Одутловатое лицо Швааля расплылось, как тесто.
— Не отравляйте и вы мне жизнь! Завтра вы отправите десять тысяч в Дахау, и баста!
Камлот снова рассмеялся.
— «Дахауцы» встретят нас с распростертыми объятиями! Может быть, они как раз сами уводят свой лагерь и, может быть, в направлении Бухенвальда. Что за нелепая игра в мяч! Расстреляйте всю компанию здесь, и вы сразу избавитесь от этой мрази.
Швааль готов был вспылить. Он замахал руками на Камлота, затем опять принялся бегать вокруг стола.

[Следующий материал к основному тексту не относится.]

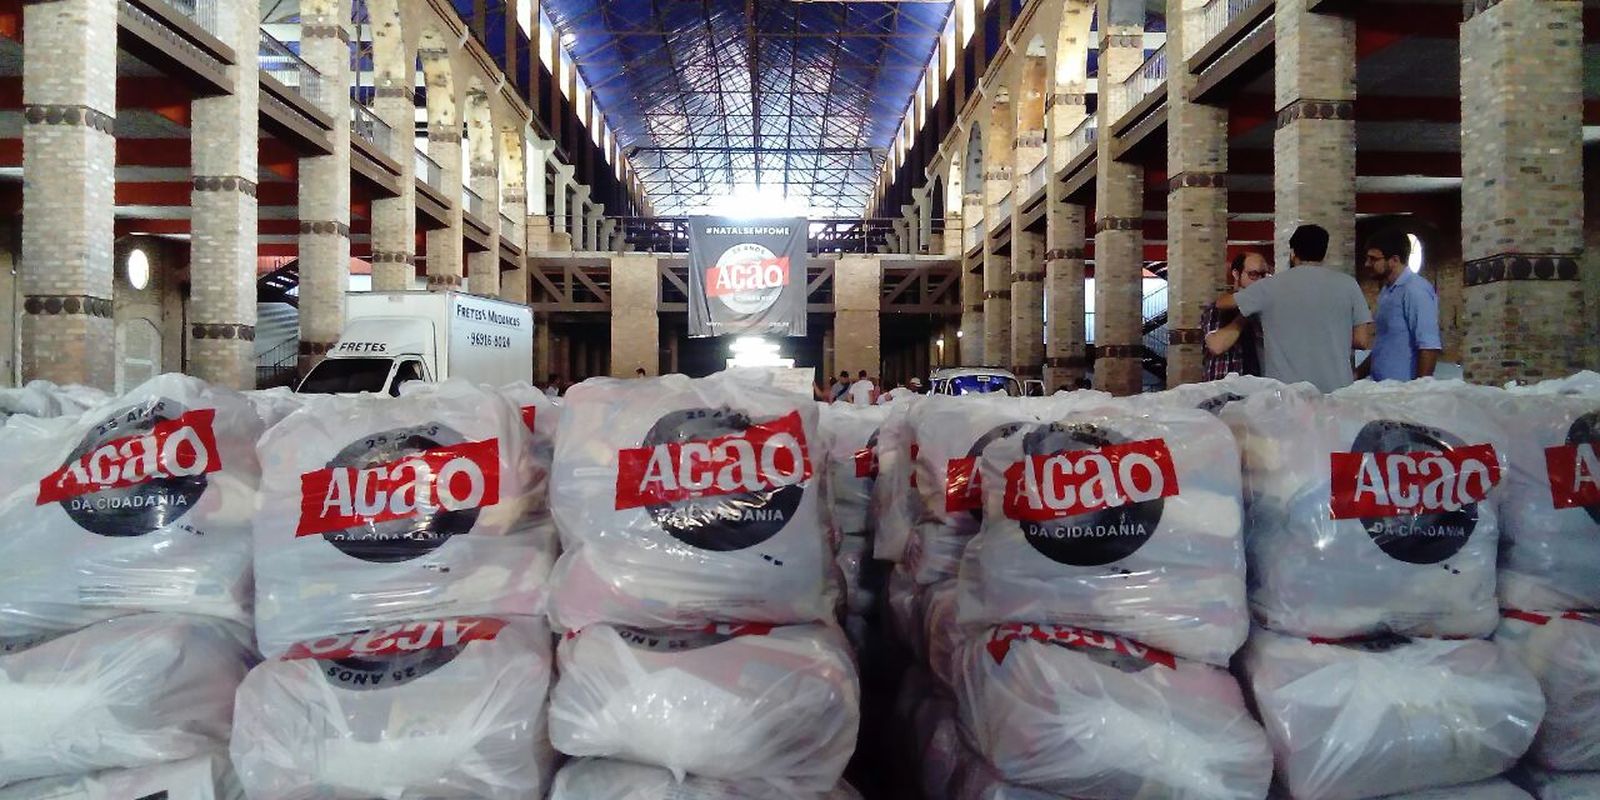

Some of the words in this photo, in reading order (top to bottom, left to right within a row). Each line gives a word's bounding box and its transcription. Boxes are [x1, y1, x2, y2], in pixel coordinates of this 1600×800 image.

[705, 227, 790, 236] #NATALSEMFOME
[715, 259, 784, 292] Ação
[339, 342, 387, 352] FRETES
[57, 426, 209, 491] Ação
[639, 430, 804, 496] Ação
[320, 450, 485, 523] Ação
[1014, 447, 1164, 516] Ação
[1354, 450, 1493, 514] Ação
[72, 499, 92, 511] DA
[97, 494, 188, 510] CIDADANIA
[1029, 524, 1049, 538] DA
[1055, 523, 1147, 538] CIDADANIA
[327, 666, 384, 685] ANOS
[393, 667, 416, 681] 25

— Вы же разумный человек, Камлот. Неужели вы еще полагаетесь на свои войска? Это уже не прежняя марка, в них затесалось много всякой шушеры.
— Мне достаточно приказать! — хвастливо заявил Камлот.
Лицо Швааля расплылось в ухмылке.
— Вы так считаете? На мой взгляд, картина несколько иная. Клуттиг с моего разрешения приказал вашим собаководам разыскать тех сорок шесть негодяев. Они не нашли ни одного!
— Потому что не сумели.
— Или не захотели… Возможно, я знаю наших молодцов лучше, чем вы сами… Война проиграна. Или как, простите? — Швааль остановился перед Камлотом. — Мы пиликаем на последней струне. Или как, простите? Кто проигрывает, становится осторожным, будь он генерал или солдат. Может быть, я выражаюсь недостаточно ясно?
Камлот отказывался признать неприятную истину.
— Дайте нам немного отойти от лагеря, и мои молодцы начнут палить, как по зайцам.
Швааль мгновенно ткнул в пространство пальцем, как бы подхватывая налету это заверение.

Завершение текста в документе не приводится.